- Temmuz 2, 2021
- Blog
İnsanların satın alma alışkanlıklarına paralel hareket eden e-ticaret sektörü, tüketici deneyiminin hızlı şekilde değişmesi ve teknolojinin süratli gelişimi ile birlikte artık değişimin trend değil, rekabetçilik ve devamlılık olduğunun daha fazla farkında. Bu farkındalık dijital alışverişin yenilikler edinmesini sağlamanın yanında mevcut fenomenlerin de yapısını değiştirmeye başladı.

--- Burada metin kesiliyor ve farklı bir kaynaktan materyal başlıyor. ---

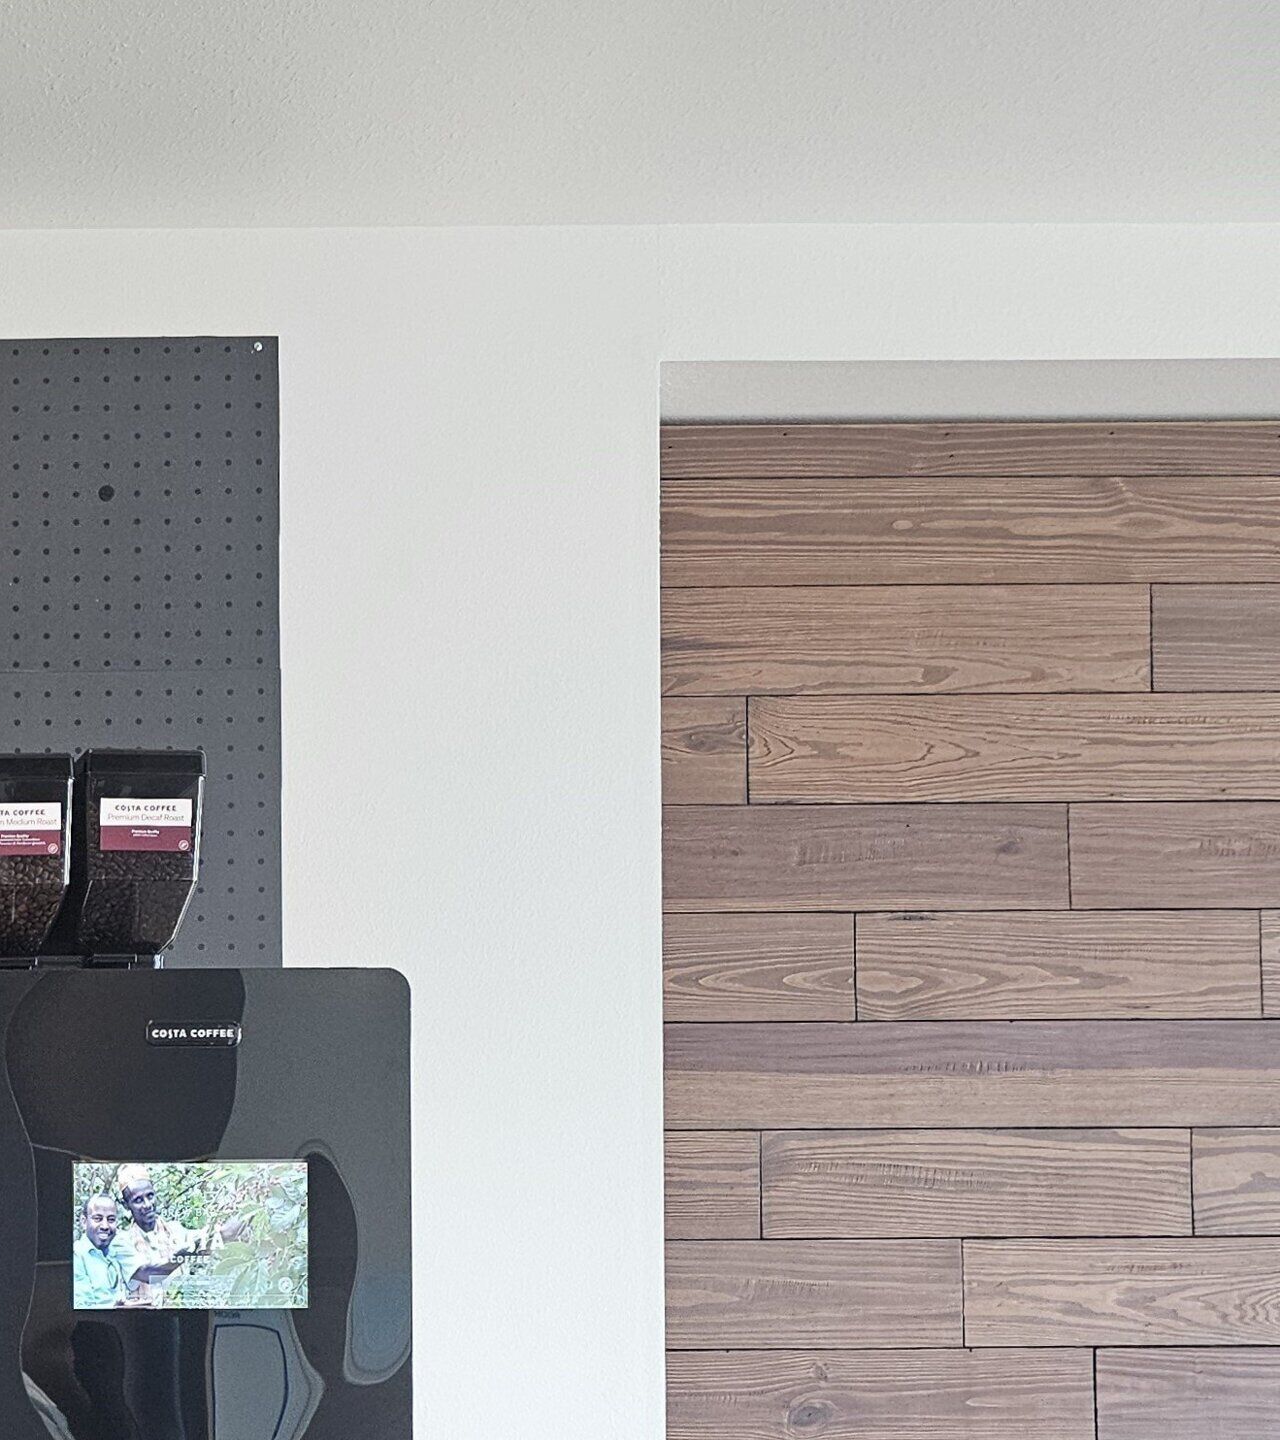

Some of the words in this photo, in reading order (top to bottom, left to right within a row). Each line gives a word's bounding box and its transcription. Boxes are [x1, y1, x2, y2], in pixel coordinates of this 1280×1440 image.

[107, 813, 140, 821] Premium
[151, 1028, 187, 1039] COSTA
[190, 1028, 234, 1038] COFFEE

Pek çok alanda değişimin katalizörü olan COVID-19, e-ticaret sektöründe başka hiçbir alanda görülmeyen ve öngörülemeyen şekilde bir büyüme gerçekleştirdi. Kilitlenmeler yeni normal haline geldikçe, işletmeler ve tüketiciler giderek daha fazla dijitalleşti, çevrim içi olarak daha fazla mal ve hizmet sağlayarak ve satın alarak, e-ticaretin 2019 yılında yüzde 14 olan payını 2020 yılında yüzde 17’ye yükselti. Statista’nın verilerine göre, küresel e-ticaret satışları 2020 yılında 4,28 trilyon dolar olarak gerçekleşti ve zaten firmalar için kârlı bir seçenekken bundan sonrasında kaçınılmaz olduğunu ortaya koydu. Statista, 2022 yılında e-perakende gelirinin 5,4 trilyon dolara ulaşacağını öngörüyor ve çevrim içi alışverişlerin dünya çapında en popüler sanal etkinlik olduğuna dikkat çekiyor.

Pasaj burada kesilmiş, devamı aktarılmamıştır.